The whole listing is to be given again without alteration, except that its pictures are dropped.
§
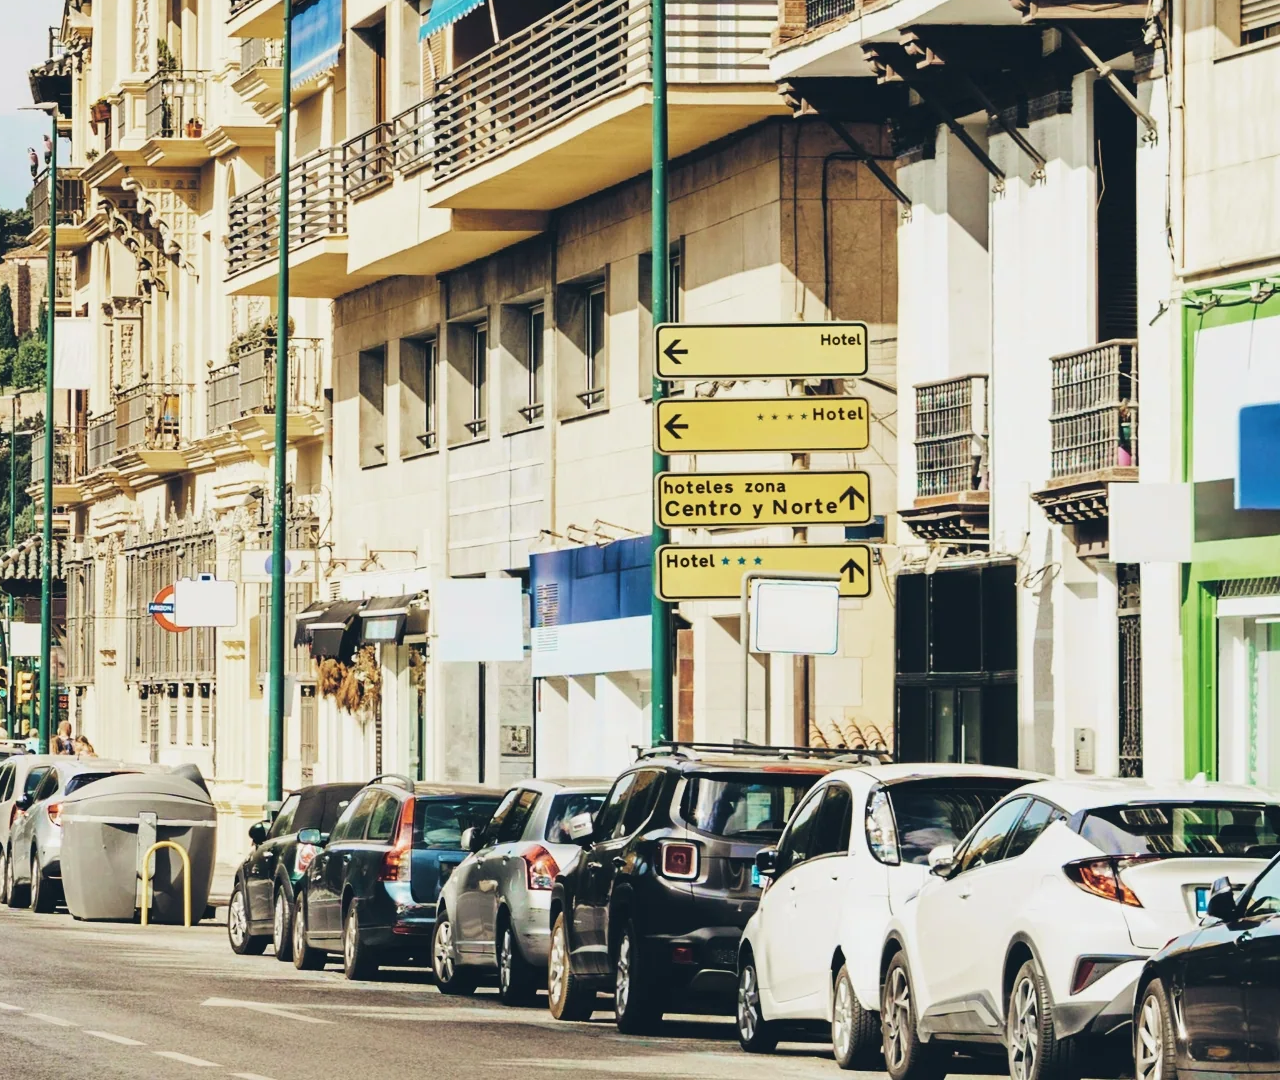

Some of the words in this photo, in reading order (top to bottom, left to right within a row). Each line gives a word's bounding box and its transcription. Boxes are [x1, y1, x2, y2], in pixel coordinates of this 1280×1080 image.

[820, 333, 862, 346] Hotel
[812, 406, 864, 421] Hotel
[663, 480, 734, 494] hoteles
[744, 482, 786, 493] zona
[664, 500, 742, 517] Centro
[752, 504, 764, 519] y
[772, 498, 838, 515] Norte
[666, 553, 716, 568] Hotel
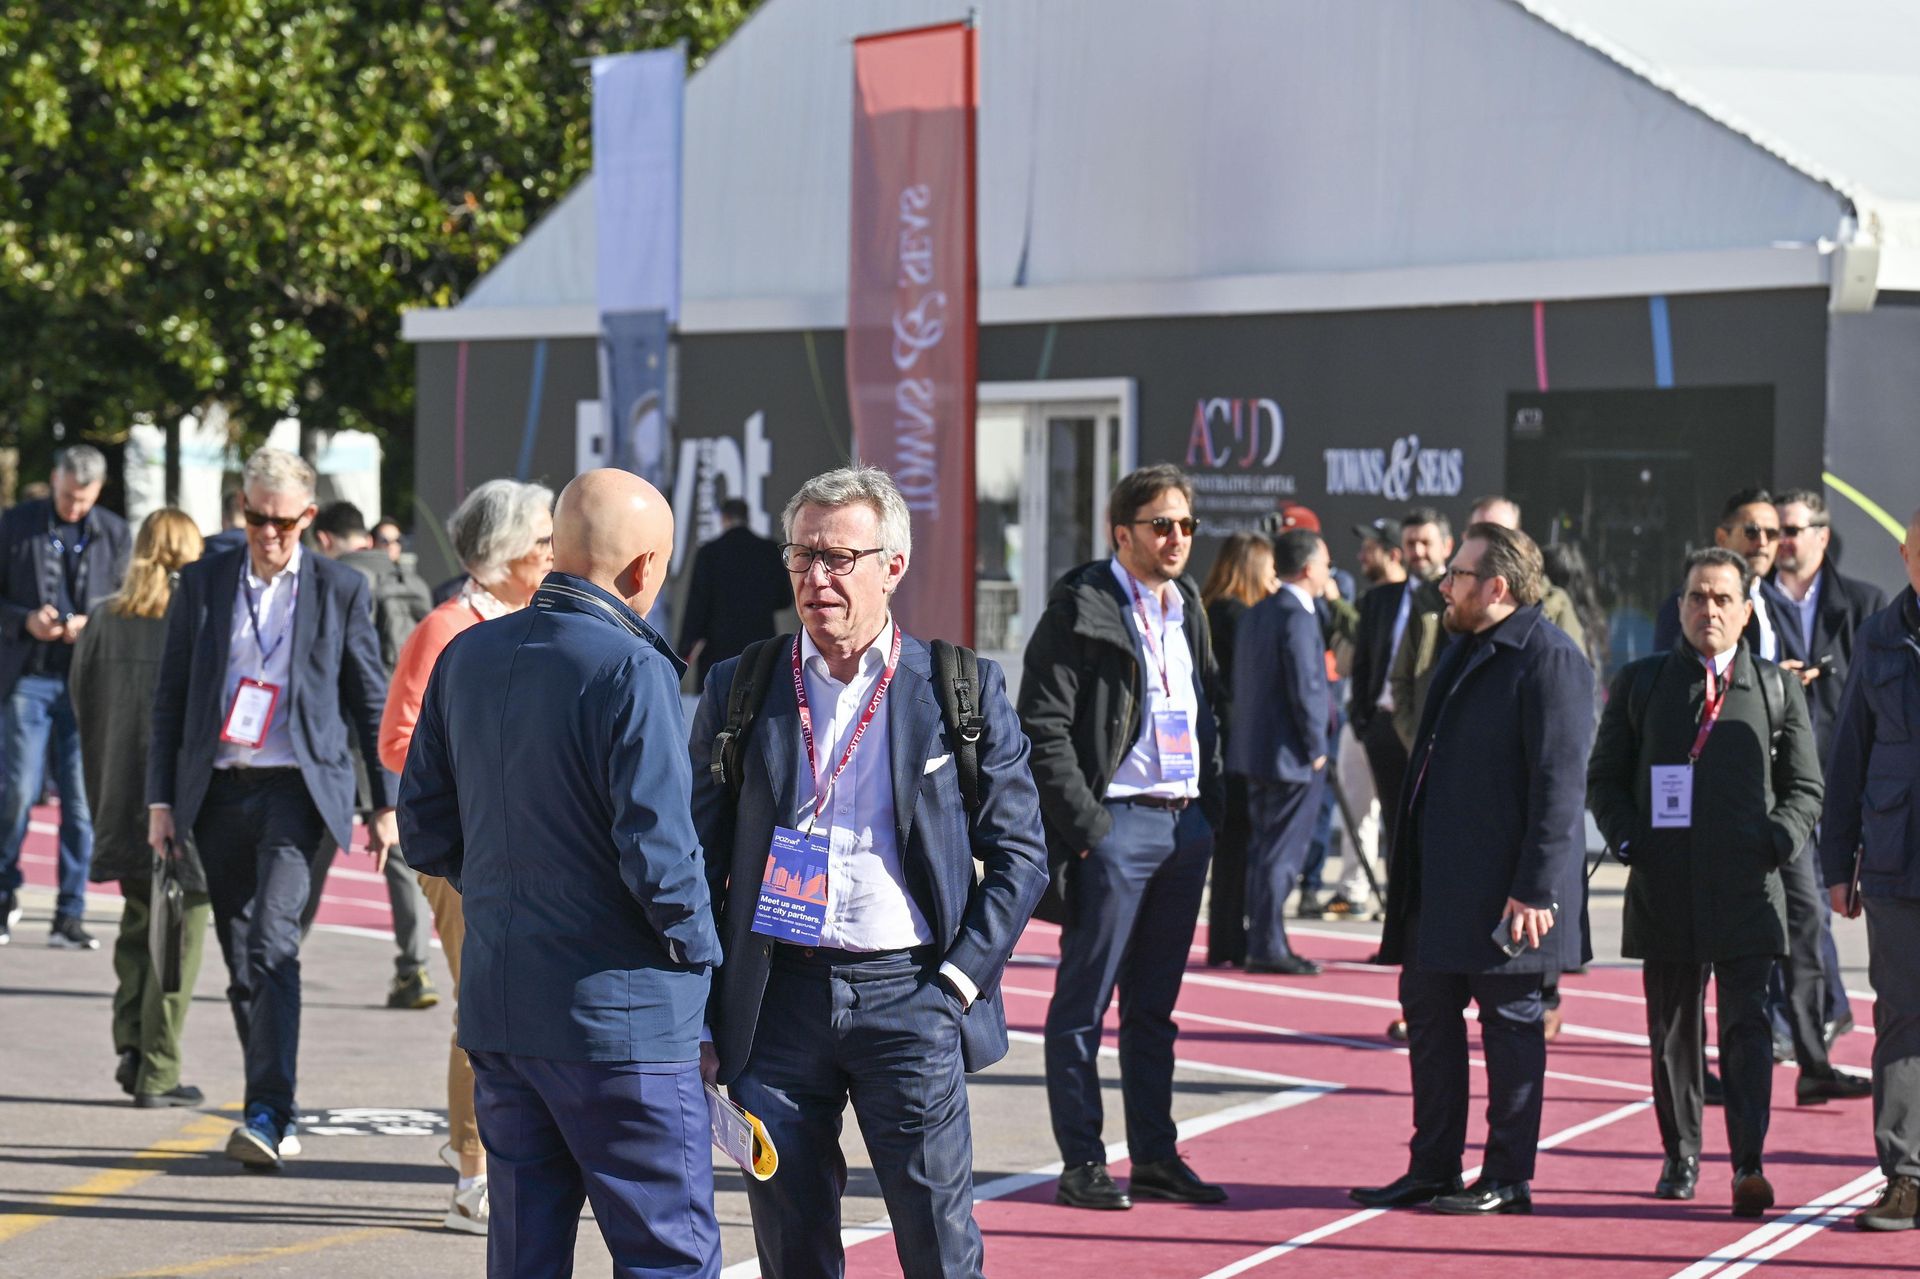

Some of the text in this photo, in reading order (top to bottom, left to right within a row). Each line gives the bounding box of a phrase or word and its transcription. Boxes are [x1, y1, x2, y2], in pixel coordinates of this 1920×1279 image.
§
Task answer:
Some of the words in this photo, in reading order (top to bottom, left to right within a row). Each line gives a word's bounding box and its transcription. Boxes are [x1, y1, x2, y2], in pixel coordinates of this 1280×1080 image.

[820, 333, 862, 346] Hotel
[812, 406, 864, 421] Hotel
[663, 480, 734, 494] hoteles
[744, 482, 786, 493] zona
[664, 500, 742, 517] Centro
[752, 504, 764, 519] y
[772, 498, 838, 515] Norte
[666, 553, 716, 568] Hotel

Some of the text in this photo, in reading order (top to bottom, left to right within a row). Each line gives the bounding box of a phrase or word and its transcription. Boxes are [x1, y1, x2, y2], in pixel coordinates of this 1920×1279 image.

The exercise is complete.